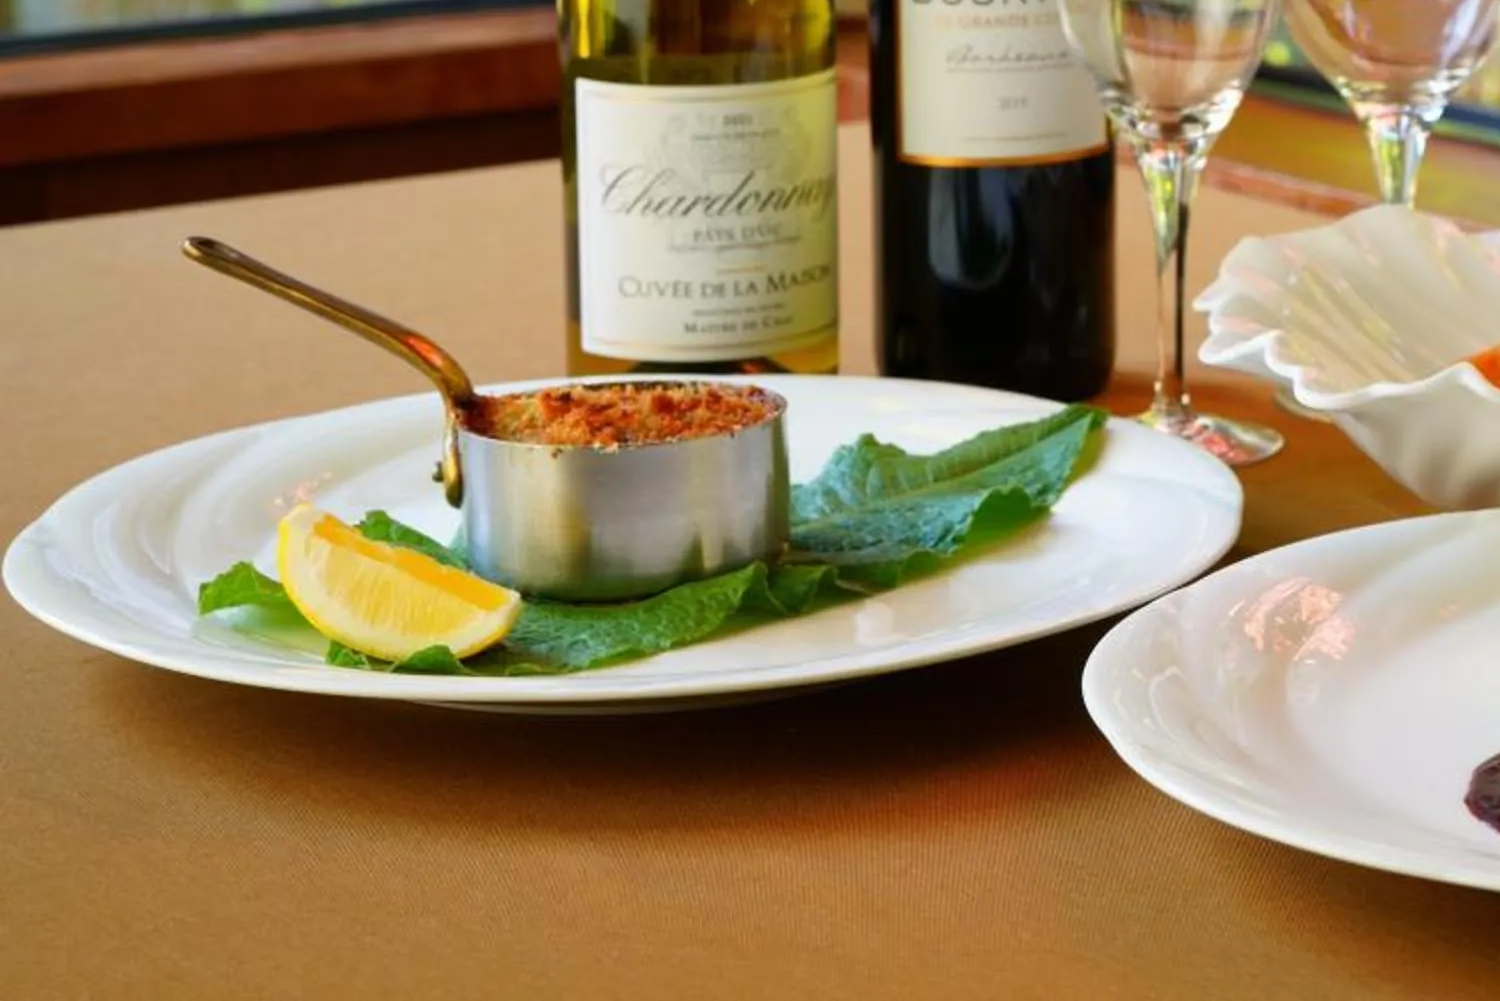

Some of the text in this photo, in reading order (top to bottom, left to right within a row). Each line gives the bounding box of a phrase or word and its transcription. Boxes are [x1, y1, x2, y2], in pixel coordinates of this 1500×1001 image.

[602, 165, 836, 224] Chardonnay
[701, 284, 727, 299] DE
[733, 279, 758, 296] LA
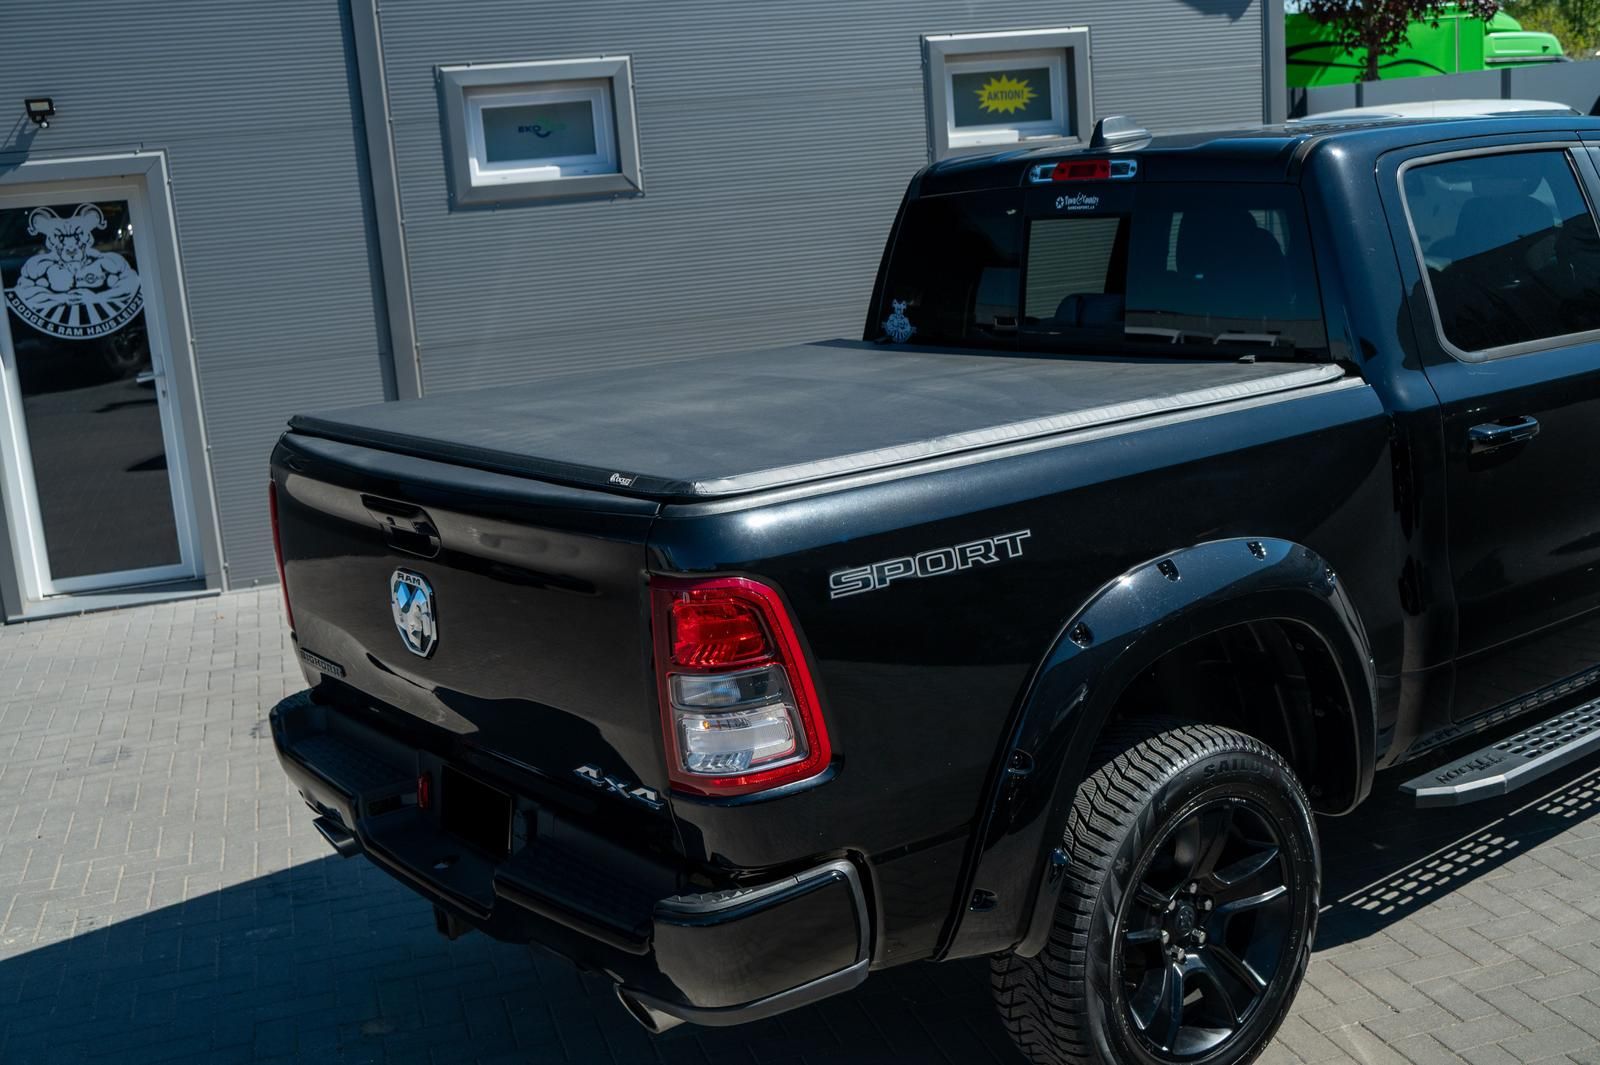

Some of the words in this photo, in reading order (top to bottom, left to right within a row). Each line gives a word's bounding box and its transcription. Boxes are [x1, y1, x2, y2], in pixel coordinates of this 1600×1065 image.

[987, 89, 1024, 101] AKTION!
[12, 298, 47, 326] DODGE
[47, 323, 54, 331] &
[58, 326, 83, 336] RAM
[87, 320, 117, 335] HAUS
[119, 291, 143, 322] LEIPZI
[829, 528, 1031, 599] SPORT
[397, 572, 421, 586] RAM
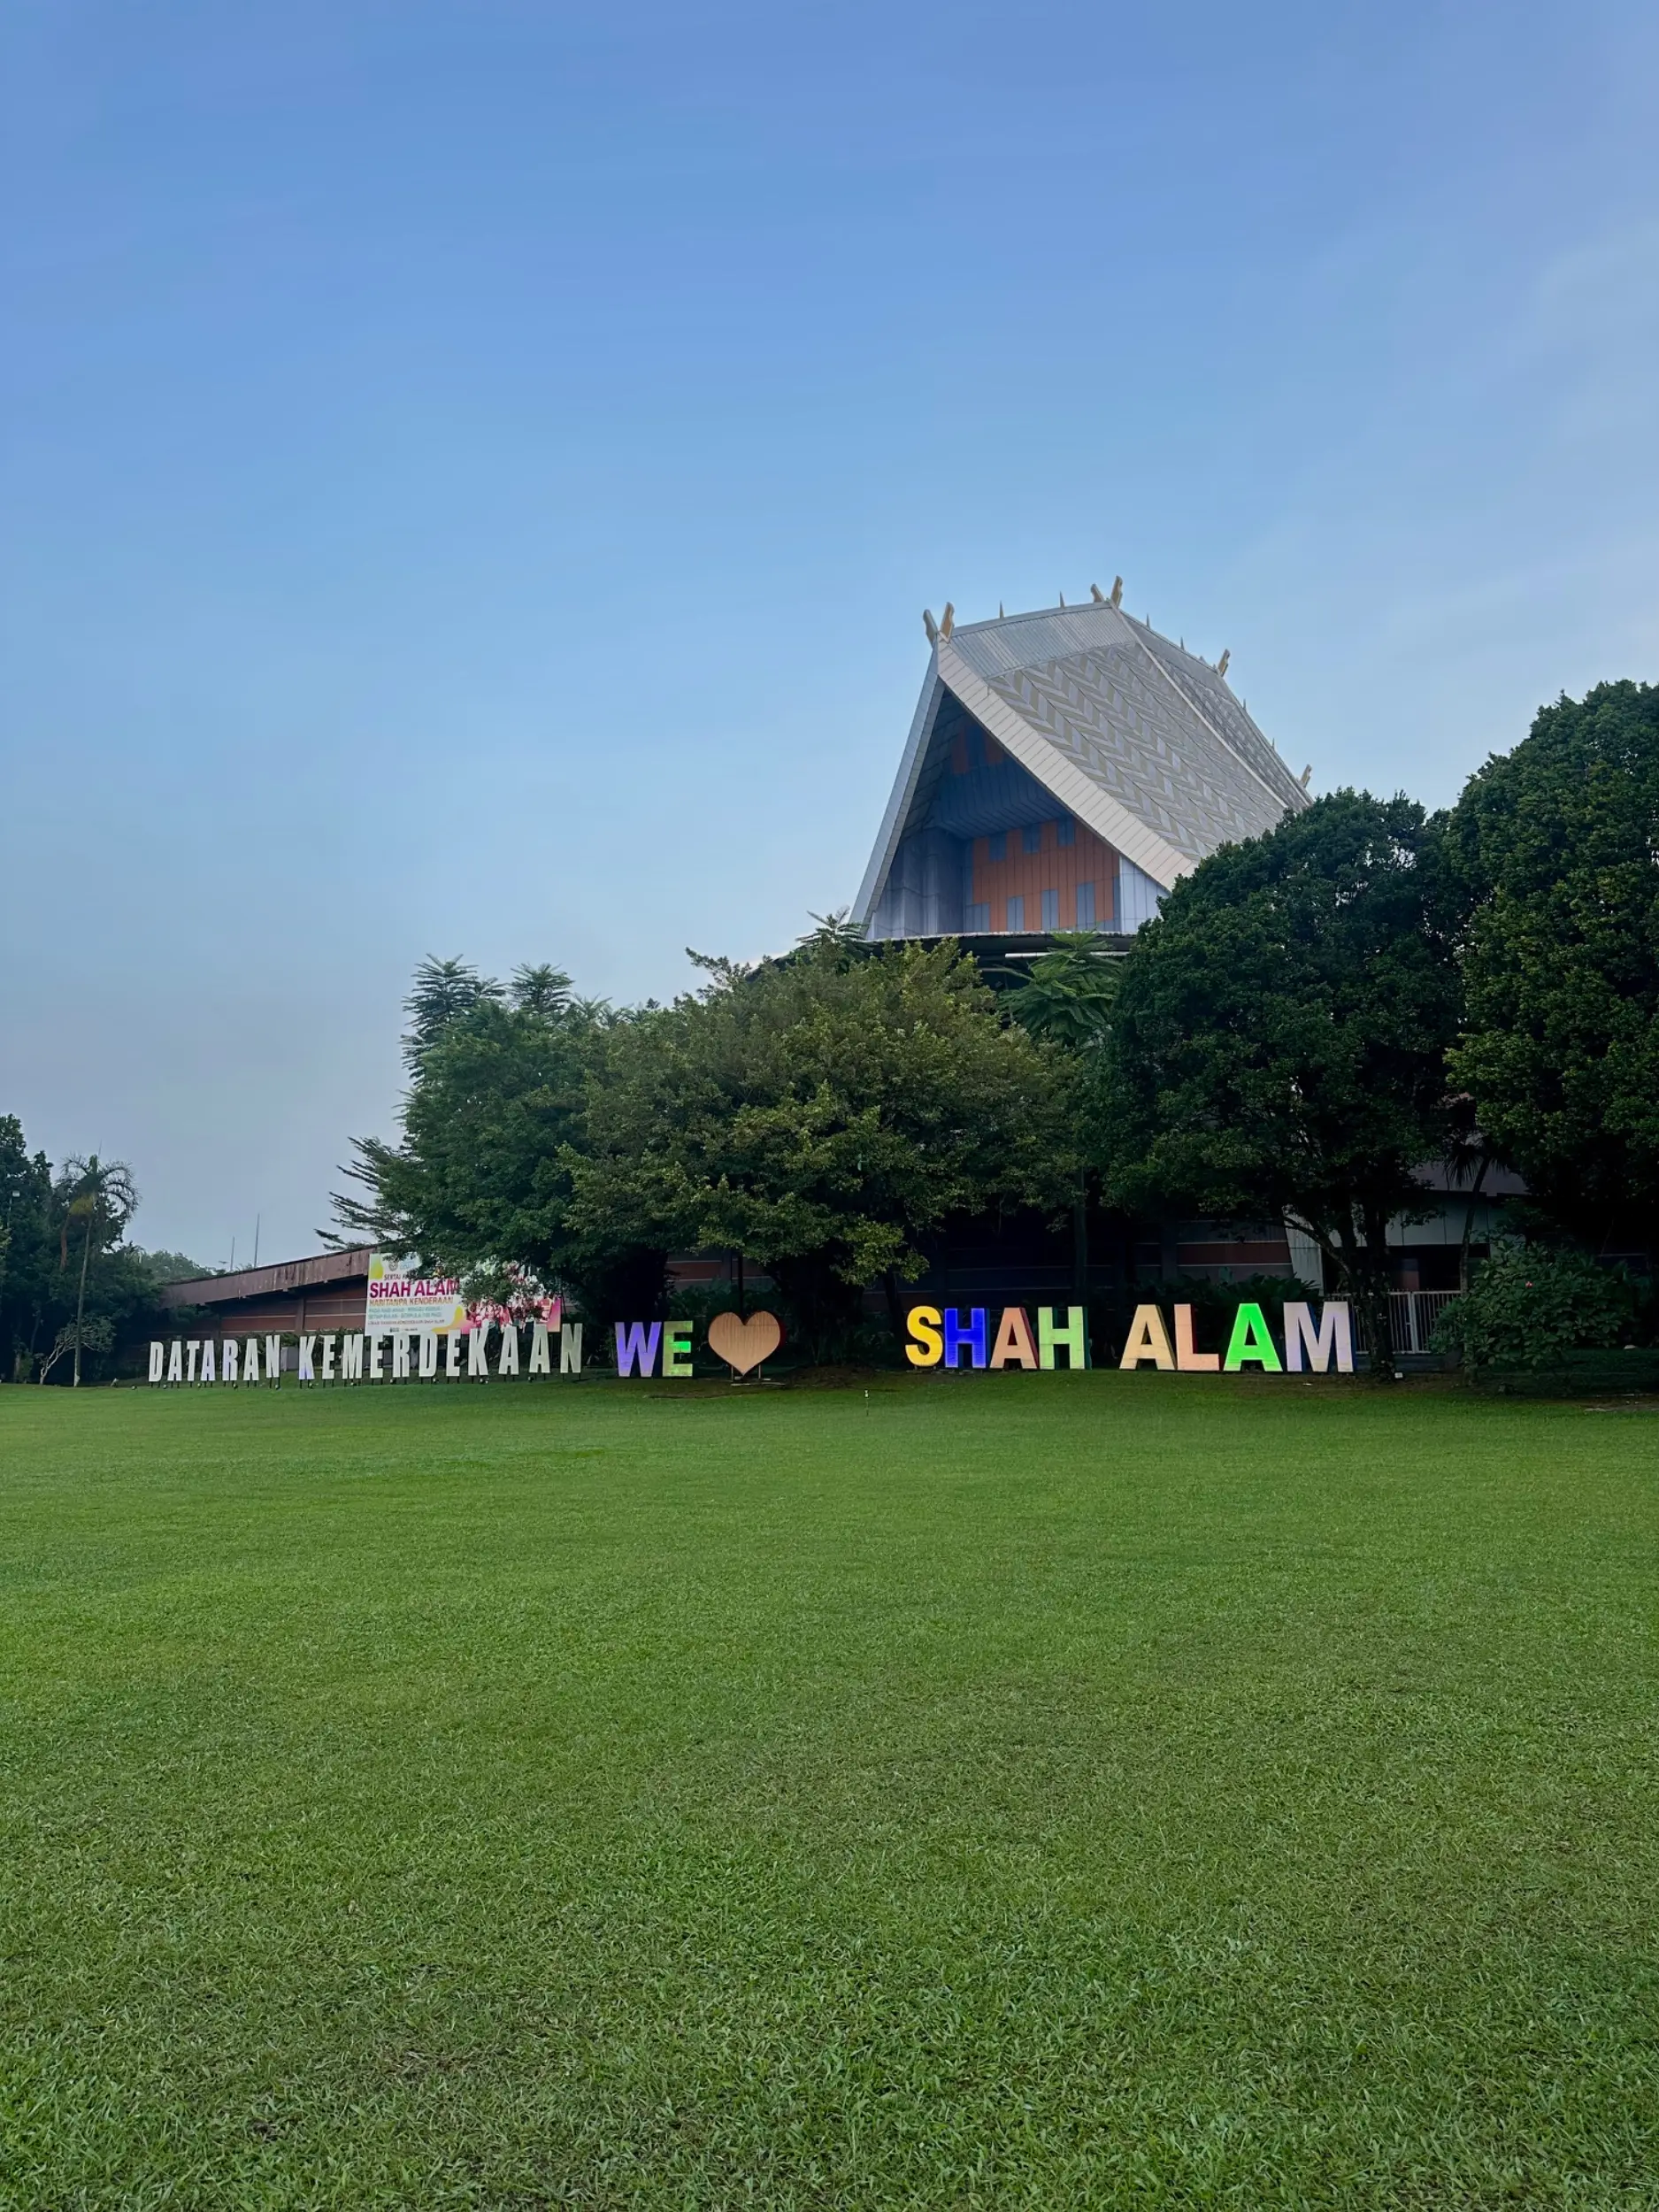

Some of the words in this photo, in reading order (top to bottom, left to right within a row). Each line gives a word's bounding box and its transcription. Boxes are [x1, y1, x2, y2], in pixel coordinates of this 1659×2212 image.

——————————

Each record above should be duplicated word for word, with no pictures included.

> [Your response]
Some of the text in this photo, in reading order (top to bottom, left to right within a row). Each line gives the bounding box of a phrase or word and its transcription. Boxes are [x1, y1, x2, y2], in pixel coordinates of this 1500×1001 image.

[602, 165, 836, 224] Chardonnay
[701, 284, 727, 299] DE
[733, 279, 758, 296] LA

Some of the words in this photo, in reading order (top to bottom, left to right within a row). Each line gives a word's bounding box and its transcription. Boxes are [x1, y1, x2, y2], in pixel coordinates of this 1600×1065 image.

[987, 89, 1024, 101] AKTION!
[12, 298, 47, 326] DODGE
[47, 323, 54, 331] &
[58, 326, 83, 336] RAM
[87, 320, 117, 335] HAUS
[119, 291, 143, 322] LEIPZI
[829, 528, 1031, 599] SPORT
[397, 572, 421, 586] RAM

Some of the words in this photo, in reading order (top to bottom, left to right within a row). Each line gives a word's bounding box and its transcription. Boxes are [x1, y1, x2, y2], in pixel coordinates of this 1659×2212 image.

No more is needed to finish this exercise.